Droits d'auteurs : le Parlement européen gèle la réforme
Le Parlement européen a rejeté, jusqu'à nouvel ordre, la réforme controversée du droit d'auteur sur Internet, laquelle prévoyait notamment des filtres de téléchargement. En séance plénière, le Parlement s'est prononcé à une majorité serrée contre la proposition de transmettre le projet aux Etats membres. Les commentateurs pèsent le pour et le contre de la réforme et saluent l'attention portée au sujet dans le débat public, signe de bonne santé pour la politique européenne.
Une bonne nouvelle pour l'Europe
Le débat social sur la directive copyright est une lueur d'espoir pour l'Europe, se réjouit Frankfurter Allgemeine Zeitung :
«Une initiative de Bruxelles - souvent si déconnectée des réalités - donne lieu à un réel débat. Car il ne s'agissait pas de la rébellion de geeks en informatique. D'importants groupes de la société civile ont accompagné dans une perspective critique un projet juridiquement complexe et l'ont provisoirement suspendu.

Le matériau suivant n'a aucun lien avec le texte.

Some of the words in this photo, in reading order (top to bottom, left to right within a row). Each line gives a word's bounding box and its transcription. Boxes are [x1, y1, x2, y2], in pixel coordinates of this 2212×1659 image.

Cela ne fera certes pas la joie de ceux qui s'imaginent que tous ceux qui critiquent le plan sont des lobbyistes travaillant pour le compte de Google - un préjugé du reste insolent : dans les rangs des opposants, on trouvait aussi des organismes de protection des consommateurs, des sociaux-démocrates, des écologistes, des libéraux et même un certain nombre de conservateurs. ... Il faut faire justice aux critiques en les prenant au sérieux. Les dispositions qui entreront dans la loi finale seront le fruit d'un véritable débat européen - et l'on ne peut que s'en réjouir.»

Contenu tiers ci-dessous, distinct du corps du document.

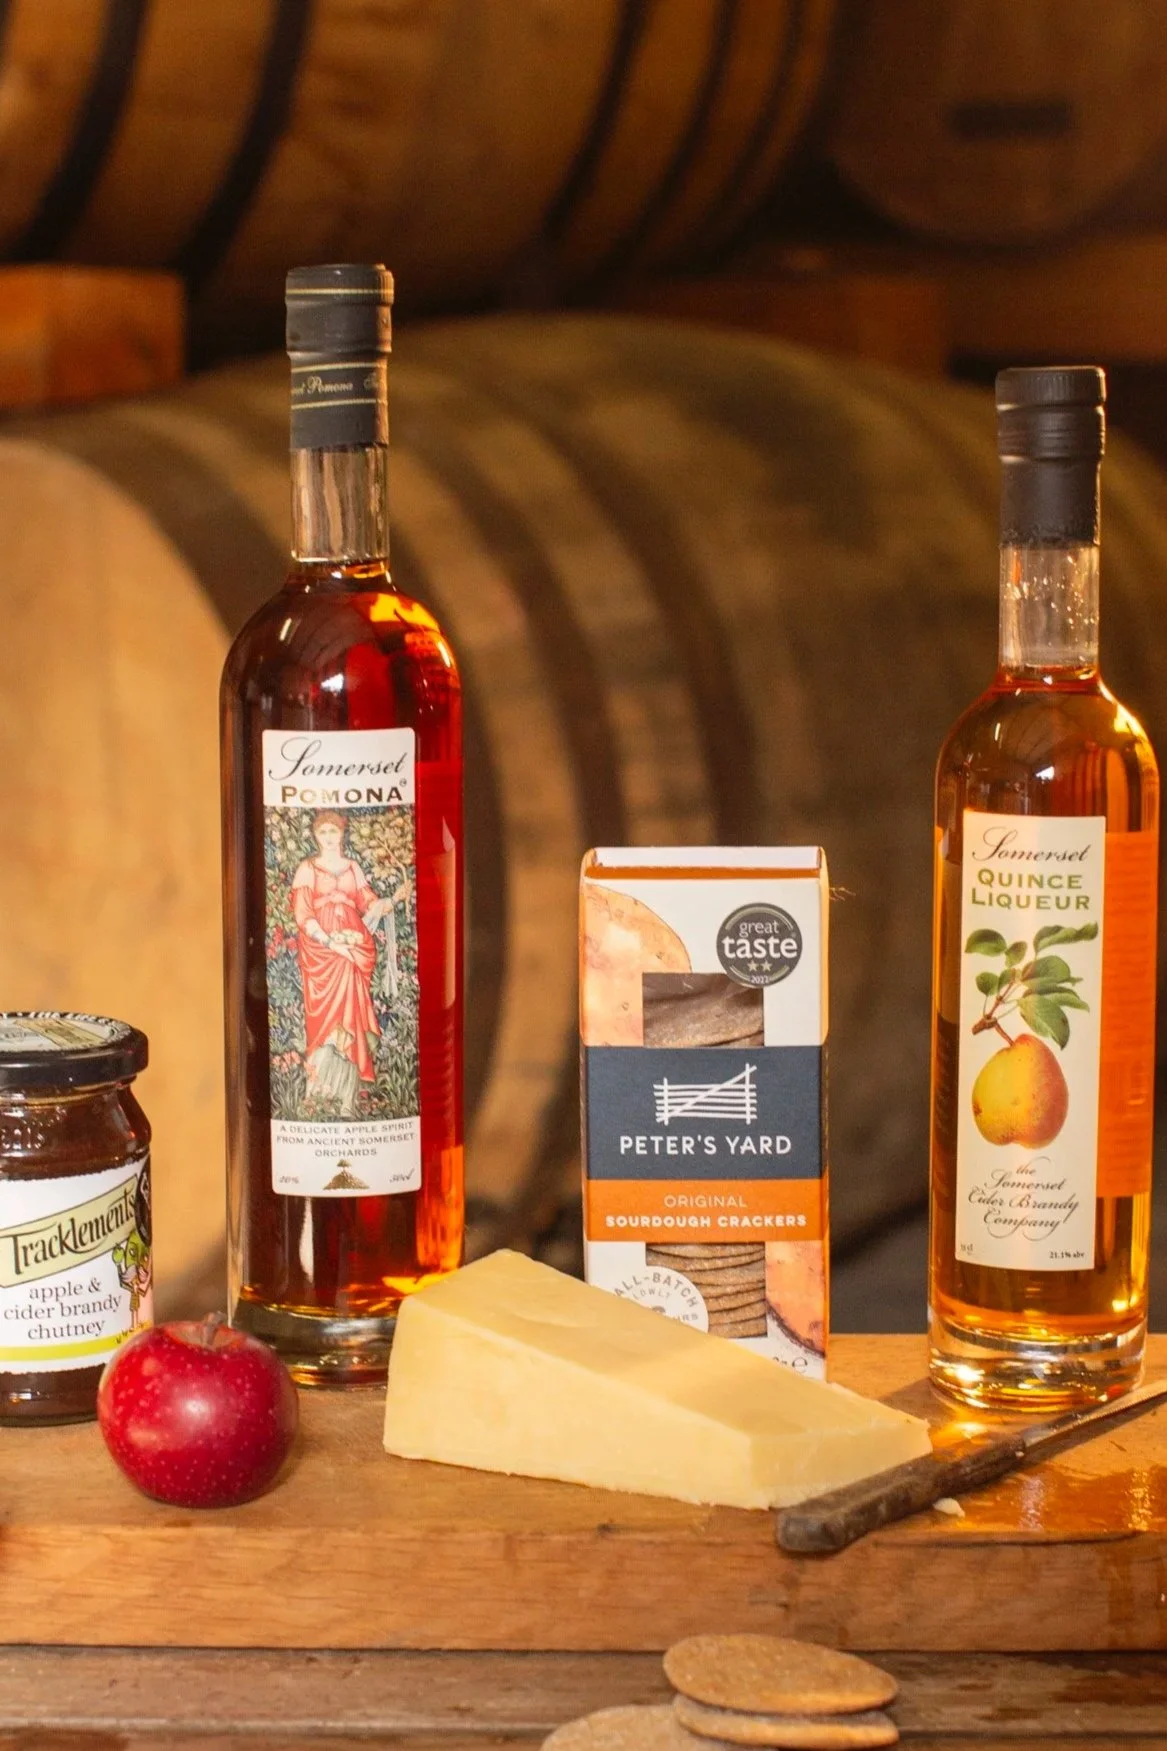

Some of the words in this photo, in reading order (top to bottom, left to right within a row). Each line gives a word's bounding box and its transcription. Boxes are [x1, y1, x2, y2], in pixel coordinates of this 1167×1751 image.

Des techniques de surveillance problématiques
C'est à juste titre que le Parlement européen a rejeté la directive sur le droit d'auteur, estime Der Standard :
«Empêcher que Youtube s'enrichisse grâce au travail créatif fourni par des tiers grâce à un contrôle préalable de l'ensemble des photos et vidéos téléchargées sur Internet : le principe semble honorable, mais il comporte un tout petit problème, à savoir la réalité. Depuis des années déjà, Google contrôle tous les téléchargements avec son propre système de filtrage. Ce groupe n'aurait donc pas été concerné par cette directive. A l'inverse, des petites entreprises et start-ups auraient également été soumises à l'obligation de contrôles au préalable. Et il ne faut pas s'étonner de l'absence de propositions concrètes sur la mise en œuvre technique et financière de ce projet, ni d'outils pour contrer le problème de la surveillance.»
Le droit d'auteur pour combattre les fake news
L'Europe a grand besoin de cette réforme, insiste El Mundo :
«Le rejet de la réforme du droit d'auteur par le Parlement européen n'est pas une bonne nouvelle. ... Le texte prévoyait que les prestataires soutenus par un puissant lobby à Bruxelles et qui empochent des recettes publicitaires juteuses en exploitant des contenus de tiers soient tenus de trouver un accord avec les médias sur le versement de droits d'auteur. Ces derniers pourraient alors réclamer une rétribution en cas d'utilisation d'articles ou de citations de leur cru. … La réforme sera de nouveau mise à l'ordre du jour au Parlement européen sous une forme amendée. Son adoption est cruciale. Rien n'est gratuit, le travail intellectuel non plus. Sa rémunération est la meilleure façon de lutter contre des fake news.»
Protéger le travail intellectuel de tous
La campagne du lobby des géants d'Internet a malheureusement porté ses fruits, déplore l'expert des Etats-Unis de Corriere della Sera, Massimo Gaggi :
«Il ne faut pas se leurrer : l'enjeu de ce litige est beaucoup plus vaste que la simple protection des canaux de financement d'une presse qui, malgré la crise qu'elle traverse, reste partout dans le monde le principal outil de défense de la démocratie. Il y va du droit de défendre la valeur du travail intellectuel fourni par des grands et des petits acteurs, dans tous les domaines. Et il s'agit surtout de ne pas jeter en pâture cette valeur à ceux qui disposent de puissants mégaphones pour diffuser des slogans trompeurs et erronés afin d'empêcher une mesure dont ils ne veulent pas.»